Today, Atty. Gen. Janet Reno is weighing the possibility of
assigning an independent counsel to look into allegations that Mr. Clinton and Vice
President Al Gore ran afoul of campaign-finance laws.
Most commentators believe she will decide against an independent
counsel. But if the inquiry rises to that level, Republicans will call for a full-scale
review of long-dormant case such as Coia's.
Coia lore that has been of little interest outside his home state
could attract wider interest if the charges against him bear out, calling back a legacy of
violence and mob corruption that has been handed down through generations of Laborers. The
Justice Department expects the union's internal prosecutor to cite one incident from
Coia's own sworn deposition in a 1995 lawsuit.

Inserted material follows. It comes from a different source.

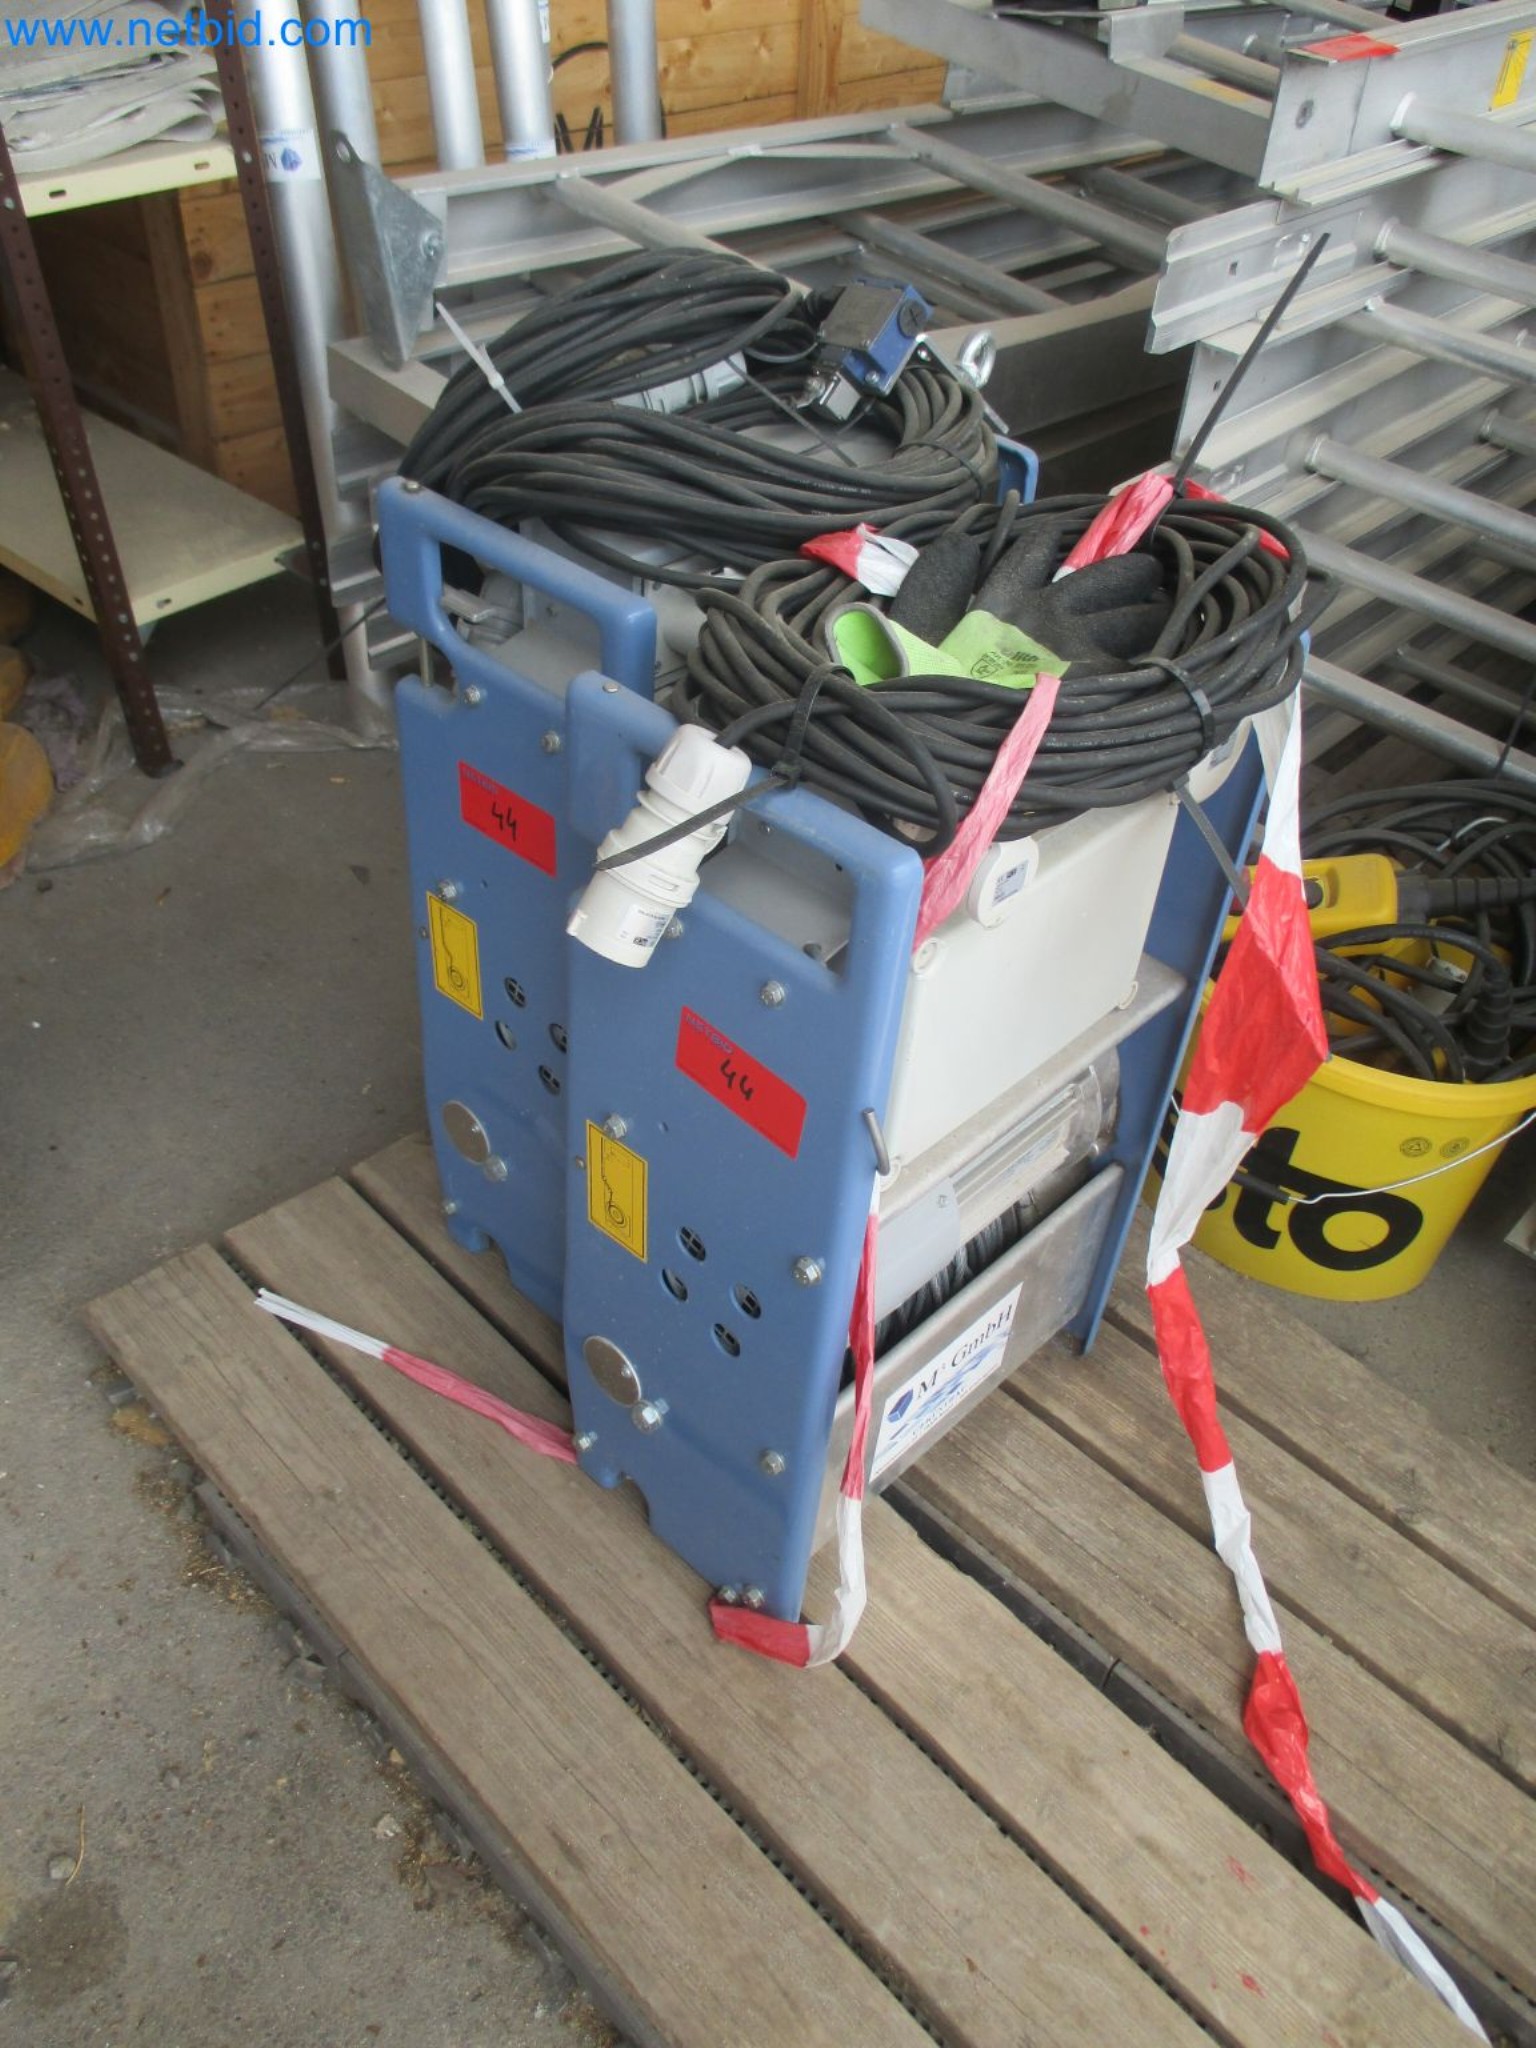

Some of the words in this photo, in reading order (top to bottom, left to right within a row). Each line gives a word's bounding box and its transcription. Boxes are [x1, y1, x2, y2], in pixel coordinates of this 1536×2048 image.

[491, 801, 517, 842] 44
[720, 1058, 754, 1101] 44
[951, 1304, 1013, 1368] GmbH

Eight years ago, Coia testified, he was involved in an incident
reminiscent of a scene from The Godfather, while lobbying to run for the number-two job in
the union, general secretary-treasurer.
Coia said he flew to Chicago to meet with John Serpico, a regional
vice president of the union. Coia said Serpico steered him into an O'Hare Airport coffee
shop, where he was introduced to Vincent Solano, a capo regime in the Chicago Mafia.
Coia said Solano conferred on him the mob's blessing for the
number-two job, but warned Coia that Serpico had been annointed to become general
president.
Serpico's lawyer has disputed that account by Coia but federal
prosecutors point to it as an example of the evidence that the internal
anti-corruption team could use to charge Coia with tolerating mob influence in the union.

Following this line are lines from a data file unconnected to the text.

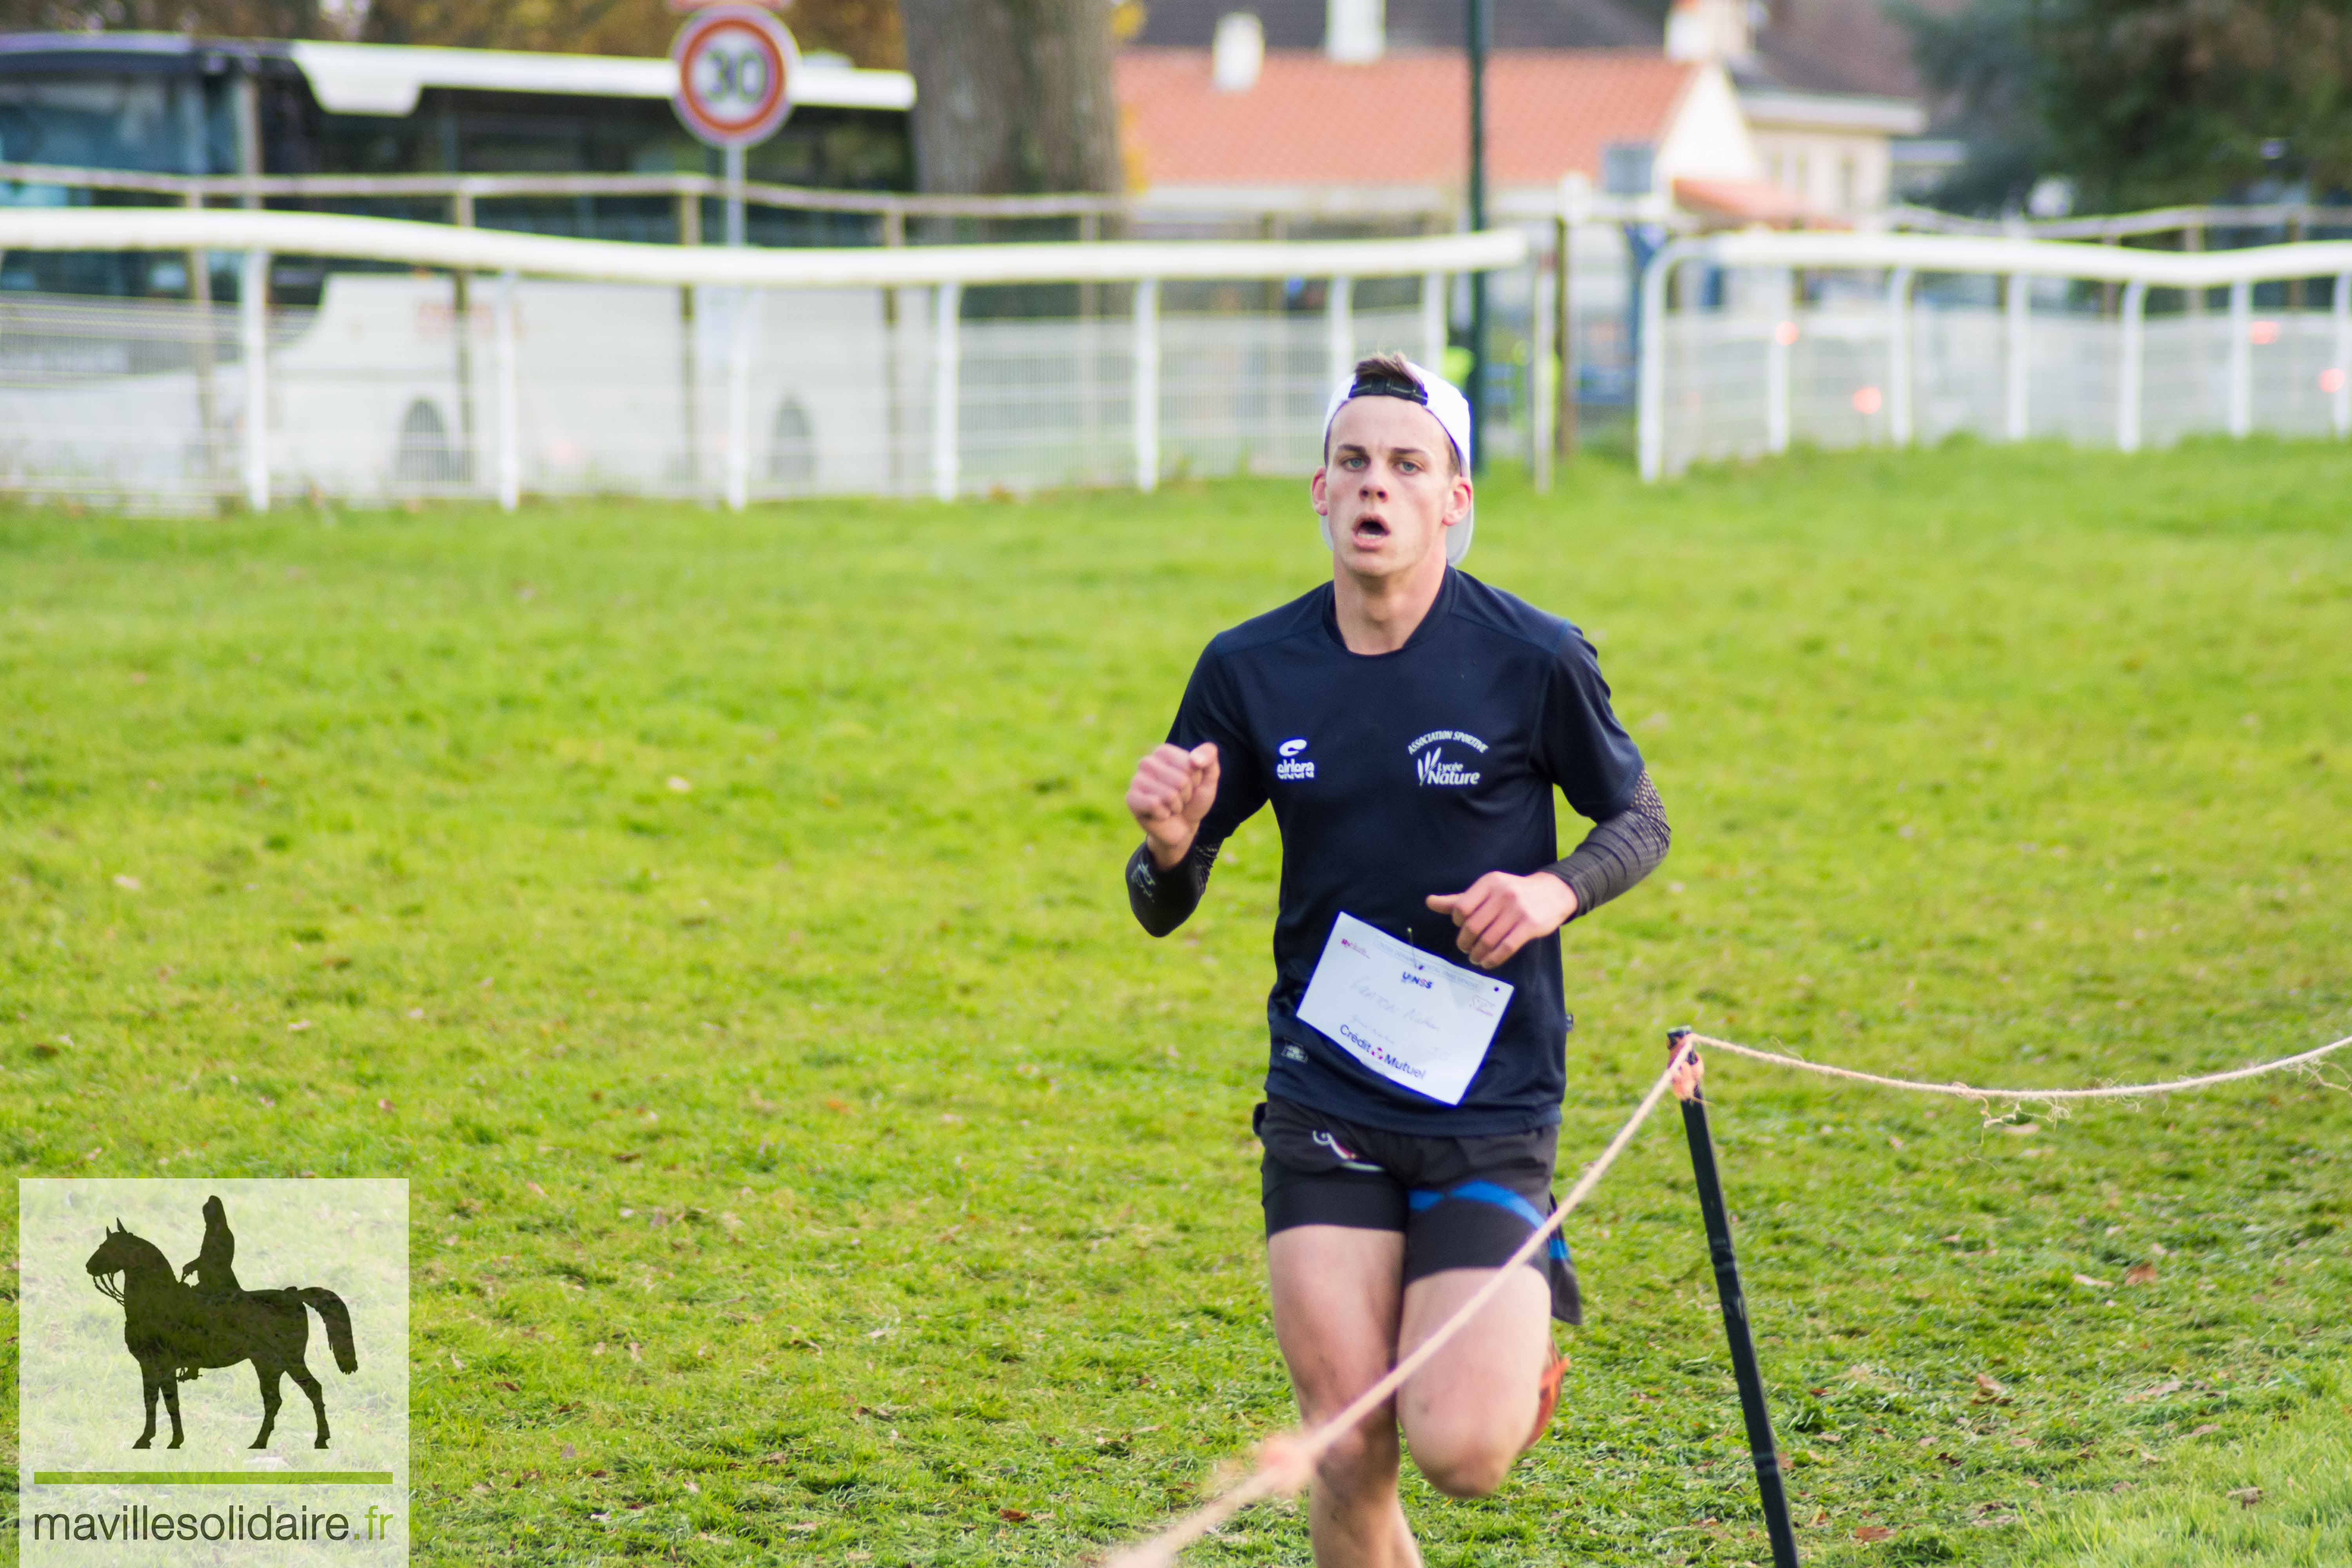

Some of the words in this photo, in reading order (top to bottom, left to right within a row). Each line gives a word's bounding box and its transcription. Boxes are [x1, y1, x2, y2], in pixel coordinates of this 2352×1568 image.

[704, 50, 766, 103] 30
[1407, 730, 1453, 755] ASSOCIATION
[1453, 731, 1490, 754] SPORTIVE
[1427, 770, 1480, 784] Nature
[1438, 762, 1464, 773] Lycée
[1340, 1024, 1371, 1053] Crédit
[1384, 1054, 1427, 1080] Mutuel

After Coia ignored Solano's warning and defeated Serpico for
general president in 1993, one of Coia's first official acts was to make Serpico a hearing
officer for internal union disciplinary cases.

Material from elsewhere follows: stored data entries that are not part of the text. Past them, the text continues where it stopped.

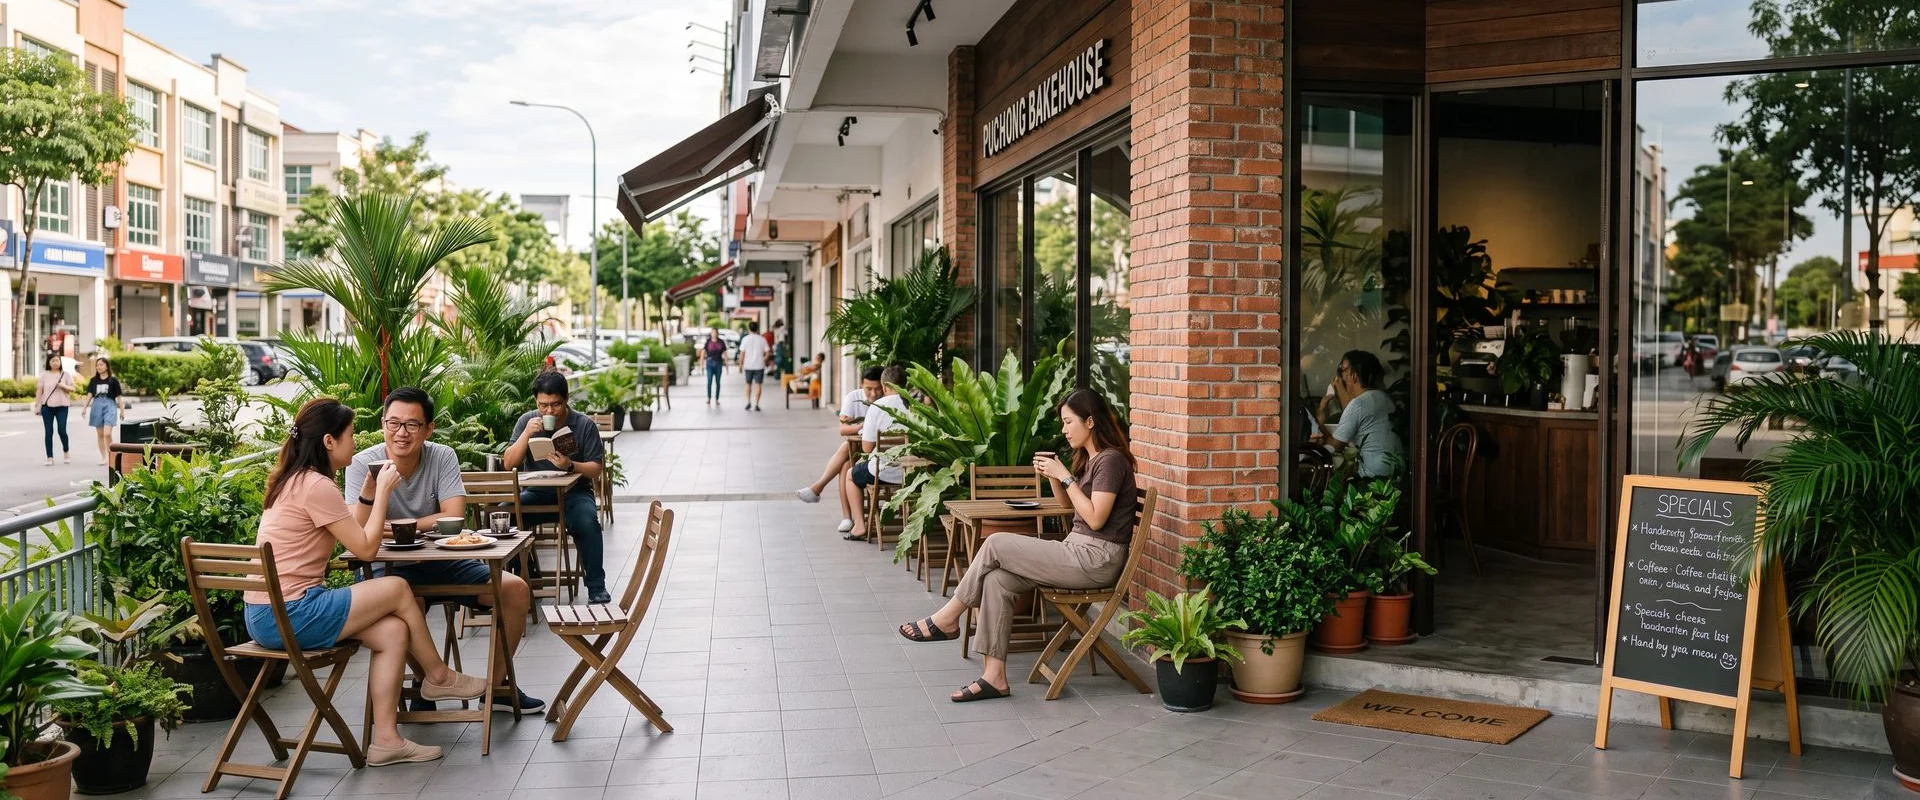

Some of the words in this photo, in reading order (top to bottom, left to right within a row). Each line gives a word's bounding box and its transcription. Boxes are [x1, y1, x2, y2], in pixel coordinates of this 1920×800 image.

[983, 97, 1026, 158] PUCHONG
[1028, 38, 1104, 131] BAKEHOUSE
[1657, 494, 1733, 518] SPECIALS
[1694, 584, 1711, 594] and
[1630, 634, 1654, 650] Hand
[1656, 639, 1668, 658] by
[1363, 702, 1510, 727] WELCOME

Prosecutors have also prodded the Laborers'
cleanup unit to examine the extensive business that the union has steered to Rhode Island
vendors with alleged mob ties.
All the same, it is far from clear that official
Washington is set to pursue the Coia case.
The Senate campaign-finance probe will close down on Dec. 31.
House campaign-finance investigations are barely underway and are riven with partisan
bickering. And Reno's deputy, Holder, declined to say last week whether the Justice
Department will push to extend its power to supervise the Laborers' internal
investigation. That power lapses in less than four months.
One of Coia's Washington lawyers has suggested, moreover, that the
internal charges against Coia will not materialize. As for Coia himself, the Laborers'
chief has proven survival skills and gives no indication that he is
ready to give up his executive suite three blocks from the White House.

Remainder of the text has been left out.